Une étudiante algérienne poignardée à l'Université Paris Cité

université Paris Cité

La communauté universitaire à Paris est sous le choc. Une étudiante algérienne a été poignardée le mercredi 25 janvier par un individu au sein même de son université de Paris Cité située au centre de la capitale française. Grièvement blessée, la victime été transportée à l'hôpital et elle serait hors danger. L'auteur de l'agression qui fréquentait la même université que la victime est entre les mains de la police.  

L'Université Paris Cité, située dans le VIe arrondissement de la capitale, a été au début de l'après-midi du mercredi 25 janvier le théâtre d'une agression à l'arme blanche. Une étudiante algérienne, âgée de 32 ans, a été poignardée à plusieurs reprises au niveau du thorax, visage et main par un individu à l'intérieur de l'université. Selon Le Parisien, la jeune fille a été agressée à la sortie d'un ascenseur du campus alors qu'elle arrivait au 7e étage de l'immeuble.

Grièvement blessée, la victime a été transportée à l'hôpital, mais son pronostic vital n'est plus engagé, a précisé le parquet de Paris. L'agresseur présumé de la jeune étudiante, qui avait pris la fuite, a été interpellé quelque temps après par la police à la gare de Vanves (Hauts-de-Seine). « Deux couteaux susceptibles d'avoir été utilisés pour la commission des faits ont été retrouvés respectivement au sein de l'Université et dans une poubelle à l'extérieur », précise la même source.

L'étudiante algérienne connaissait son agresseur

Le suspect, âgé de 25 ans, connaissait sa victime.

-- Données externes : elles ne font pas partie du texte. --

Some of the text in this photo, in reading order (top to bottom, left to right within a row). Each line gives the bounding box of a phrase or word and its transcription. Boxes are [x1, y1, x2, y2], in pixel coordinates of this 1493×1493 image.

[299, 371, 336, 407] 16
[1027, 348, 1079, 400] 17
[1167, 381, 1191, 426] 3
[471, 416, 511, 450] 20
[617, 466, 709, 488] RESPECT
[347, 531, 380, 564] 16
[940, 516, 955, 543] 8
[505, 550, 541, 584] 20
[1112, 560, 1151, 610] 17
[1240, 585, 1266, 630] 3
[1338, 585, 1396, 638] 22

Les premiers éléments laissent entrevoir la piste d'un « différend d'ordre privé ». Selon une source proche du dossier, citée par Le Parisien, l'auteur présumé de l'agression aurait été éconduit par la victime après une demande en mariage. « La nature de la relation entre la victime et son agresseur présumé n'est pas établie à ce stade, si ce n'est qu'ils fréquentaient le même établissement universitaire », affirme le parquet de Paris.

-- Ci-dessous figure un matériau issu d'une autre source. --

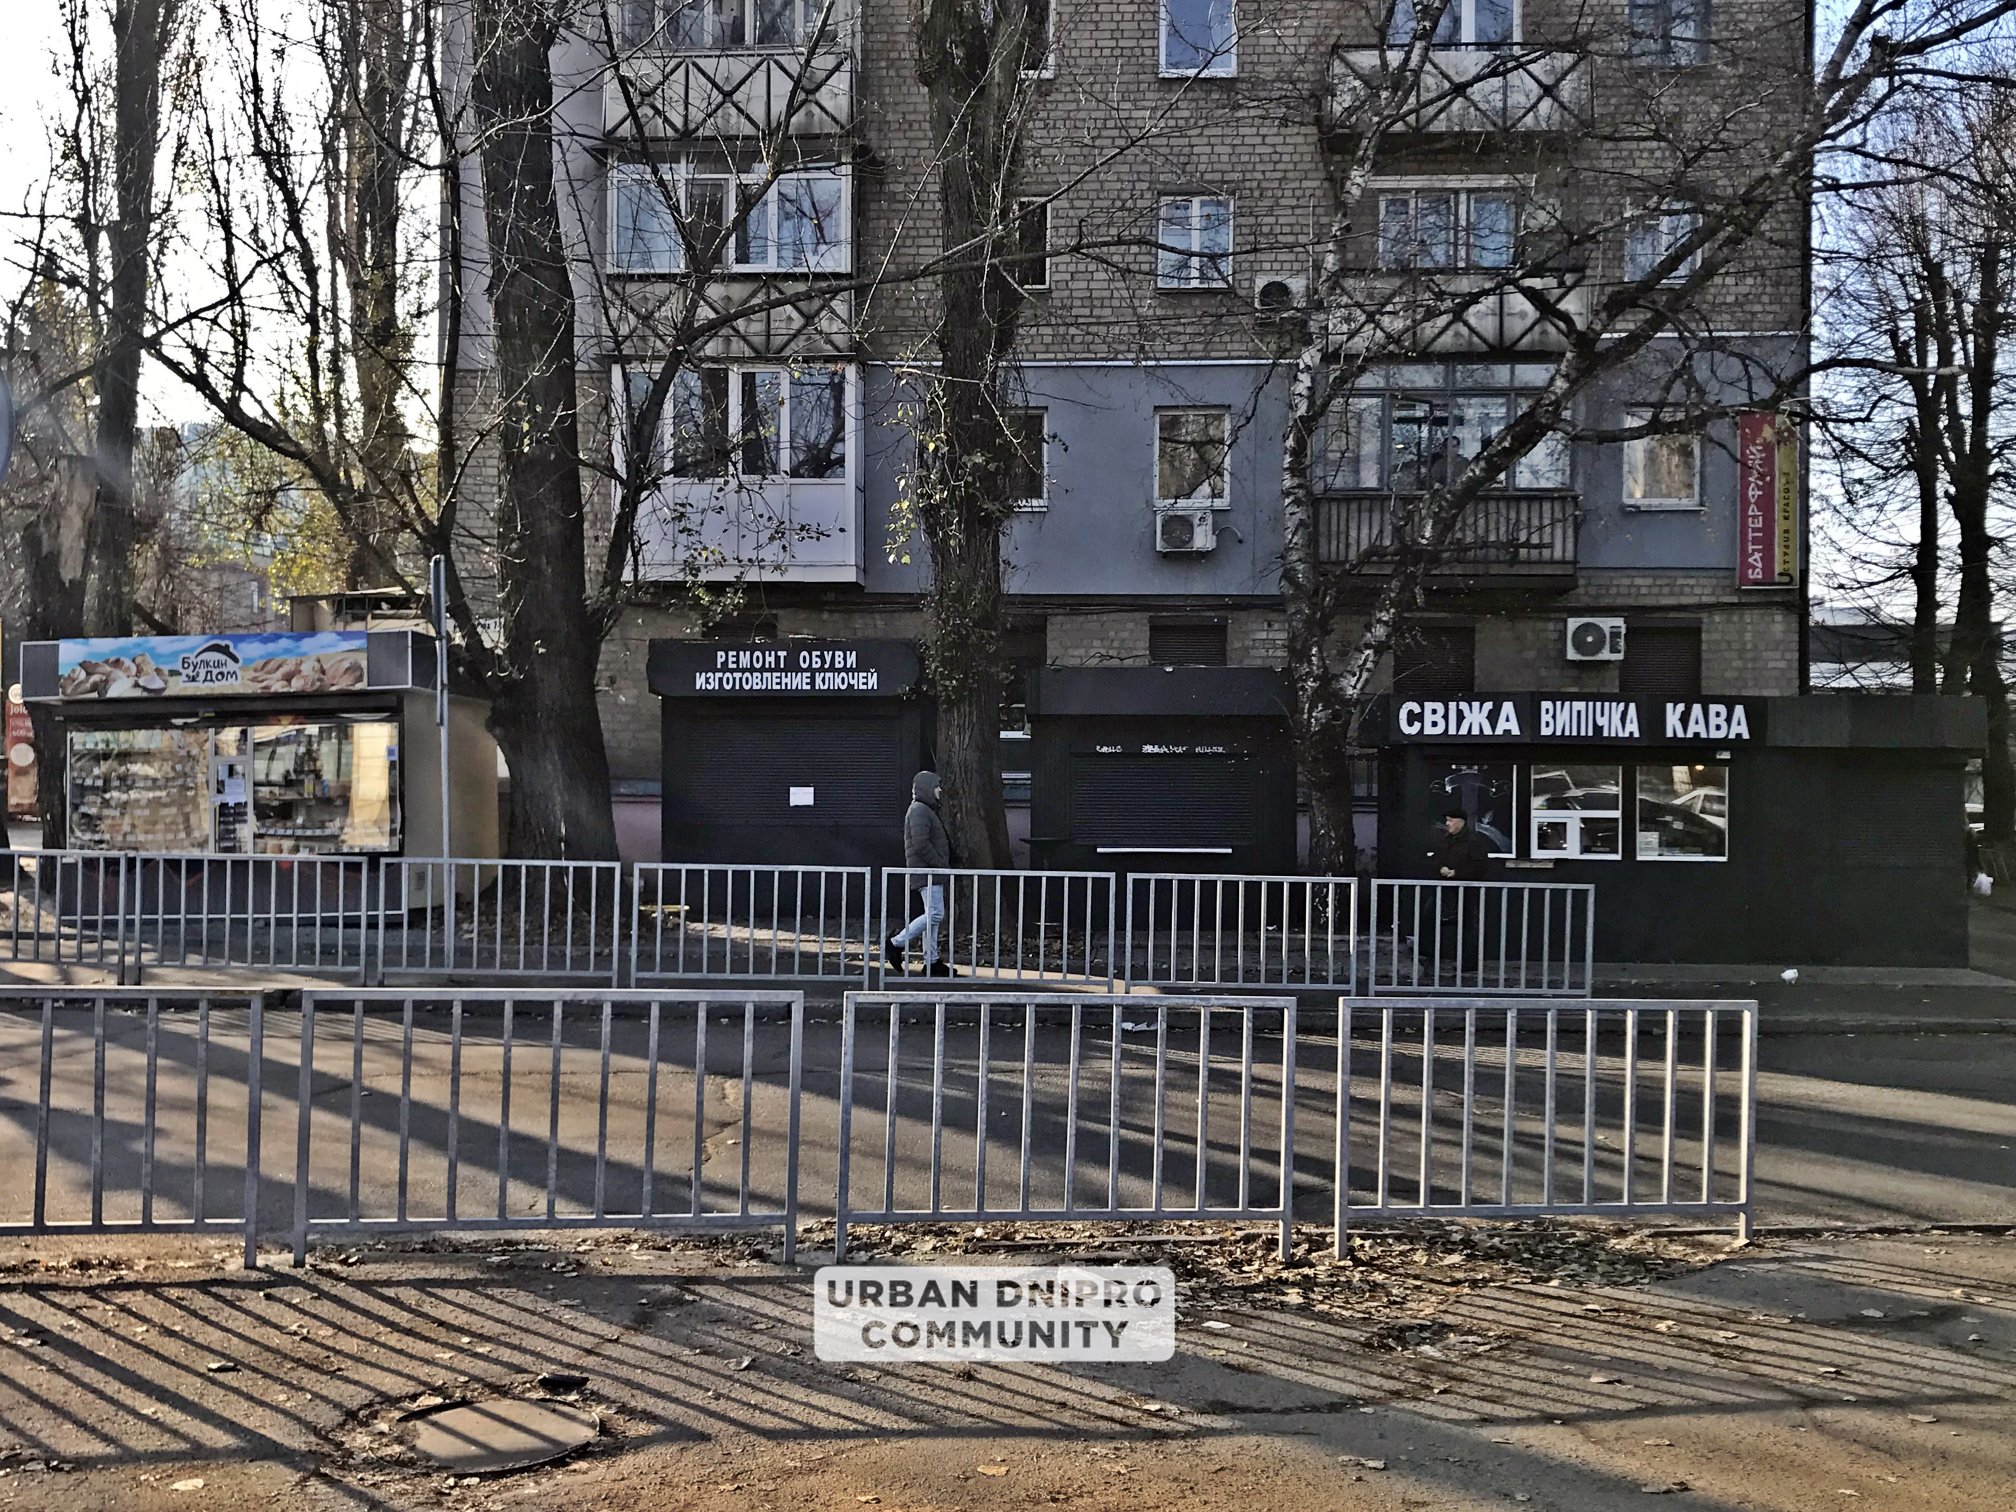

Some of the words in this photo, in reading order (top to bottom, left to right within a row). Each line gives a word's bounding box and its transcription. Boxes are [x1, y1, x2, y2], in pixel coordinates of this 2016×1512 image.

L'université de Paris Cité a indiqué sur Twitter avoir mis en place une cellule d'urgence médico-psychologique avec le SAMU de Paris. « Le 7e étage du bâtiment est neutralisé dans le cadre de l'enquête de Police », a précisé l'université. La ministre de l'Enseignement supérieur et de la Recherche, Sylvie Retailleau, s'est rendue sur les lieux du drame. Ella dit penser « très fortement » à la jeune étudiante agressée. « À l'université, nous construisons l'avenir. Il passe par l'éradication ferme, complète, définitive de toute forme d'agression », ajoute-t-elle.